Mariama said, “I think it's been noticed.”

“Where?”

She pointed; a group of six Colonists had left the surface. As Tchicaya watched, they ascended rapidly, but as they grew nearer to the banner they slowed considerably. This cautious interest was not proof of anything, but it was an encouraging sign.

The Colonists surrounded the device, then began spraying it with a delicate mist of vendeks. “That's cooperative sensing!” Mariama exclaimed. “One of them illuminates the object, the other looks at the transmitted pattern.”

“I think you're right.” The group was arranged in pairs on either side of the banner, and the members of each pair took turns emitting the vendeks. The probes hadn't encountered this species of vendek before; perhaps nothing inside the colony warranted the same kind of scrutiny as this alien object.

The Colonists retreated and formed a loose huddle away from the banner. “What now?” Tchicaya wondered. “How do you react to a mutated version of your own stratospheric beacon suddenly appearing on your doorstep?”

Mariama said, “I just hope they realize they don't need to launch a new signaling layer in order to reply.”

“Maybe we should try to make a more obvious proxy,” he suggested. “Something that resembles one of their bodies.”

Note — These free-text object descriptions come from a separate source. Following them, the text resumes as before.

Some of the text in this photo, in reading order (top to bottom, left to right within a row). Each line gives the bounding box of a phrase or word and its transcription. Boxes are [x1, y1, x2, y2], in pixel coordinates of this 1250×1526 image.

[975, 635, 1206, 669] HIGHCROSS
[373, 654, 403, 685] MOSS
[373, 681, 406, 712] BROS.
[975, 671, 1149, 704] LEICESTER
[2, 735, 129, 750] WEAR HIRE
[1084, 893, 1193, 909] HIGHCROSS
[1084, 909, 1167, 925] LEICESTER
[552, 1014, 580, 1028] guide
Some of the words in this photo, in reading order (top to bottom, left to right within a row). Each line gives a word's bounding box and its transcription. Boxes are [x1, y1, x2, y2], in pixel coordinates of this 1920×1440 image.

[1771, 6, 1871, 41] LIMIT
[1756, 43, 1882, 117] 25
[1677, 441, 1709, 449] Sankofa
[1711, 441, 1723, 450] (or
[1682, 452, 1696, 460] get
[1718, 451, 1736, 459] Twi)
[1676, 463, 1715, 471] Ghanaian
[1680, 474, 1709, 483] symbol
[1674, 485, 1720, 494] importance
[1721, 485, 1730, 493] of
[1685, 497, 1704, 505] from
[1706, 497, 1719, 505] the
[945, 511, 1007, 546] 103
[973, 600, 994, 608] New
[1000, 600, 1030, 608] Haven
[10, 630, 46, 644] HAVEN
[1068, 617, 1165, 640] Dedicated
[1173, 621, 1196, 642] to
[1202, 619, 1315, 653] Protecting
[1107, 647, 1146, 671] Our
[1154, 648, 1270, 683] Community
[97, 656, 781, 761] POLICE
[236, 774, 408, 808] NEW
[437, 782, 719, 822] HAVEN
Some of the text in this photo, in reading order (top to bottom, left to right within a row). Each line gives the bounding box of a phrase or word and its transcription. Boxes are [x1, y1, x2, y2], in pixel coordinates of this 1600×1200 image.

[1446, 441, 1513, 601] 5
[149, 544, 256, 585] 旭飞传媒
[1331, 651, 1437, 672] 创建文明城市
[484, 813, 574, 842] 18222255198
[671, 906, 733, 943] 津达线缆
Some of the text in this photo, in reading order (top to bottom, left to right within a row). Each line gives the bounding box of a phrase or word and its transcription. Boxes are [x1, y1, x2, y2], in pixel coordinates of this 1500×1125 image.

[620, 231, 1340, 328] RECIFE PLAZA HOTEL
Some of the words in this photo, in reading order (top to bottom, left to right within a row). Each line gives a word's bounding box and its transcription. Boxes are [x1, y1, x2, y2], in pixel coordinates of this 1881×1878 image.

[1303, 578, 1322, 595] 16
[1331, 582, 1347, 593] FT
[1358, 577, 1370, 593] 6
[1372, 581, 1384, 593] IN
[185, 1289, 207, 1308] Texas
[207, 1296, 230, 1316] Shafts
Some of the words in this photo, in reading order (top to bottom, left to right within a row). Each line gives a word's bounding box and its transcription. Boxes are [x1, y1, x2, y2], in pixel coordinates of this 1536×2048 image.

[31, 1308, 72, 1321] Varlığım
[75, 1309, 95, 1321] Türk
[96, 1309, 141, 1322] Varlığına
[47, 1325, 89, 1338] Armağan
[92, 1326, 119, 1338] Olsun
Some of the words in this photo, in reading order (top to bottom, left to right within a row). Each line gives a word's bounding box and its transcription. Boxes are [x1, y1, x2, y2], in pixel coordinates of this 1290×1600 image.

“How would we decide which features to include, and which to leave out? We don't even know the difference between their communications signals and their waste products. We'd probably come up with the equivalent of a glove puppet of a monkey that smelled exactly like human excrement.”

She had a point; even the six Colonists high above the din—and/or stench—of the colony were now bathed in a confusing fog of vendeks, and it was beyond the
Sarumpaet
's resources to untangle their functions and meaning.

Tchicaya felt a sudden stab of pessimism. He believed he'd finally reached the people he'd come to find—but he had days, at most, not only to describe the Planck worms to them, but to reach a level of communication and trust that would enable them to work together to deal with the threat. However many subtleties, abstractions, and courtesies he omitted along the way, even conveying the core of the message was beginning to seem hopelessly ambitious.

He said, “Maybe we should change the signal right now, instead of waiting for them to reply? Just to make it clear that the banner's not passive?”

Before Mariama could respond, the Colonists began regrouping around the banner. In unison, they released a stream of vendeks, denser than before; in the probe image, it looked as if the six veined bodies were blowing soap films. The individual sheets met at the edges and merged, forming a bubble, enclosing the banner.

The Colonists retreated again, then sprayed a new mixture at the bubble. It began to drift after them, down toward the surface.

Mariama said, “They've grabbed it! They're towing it!”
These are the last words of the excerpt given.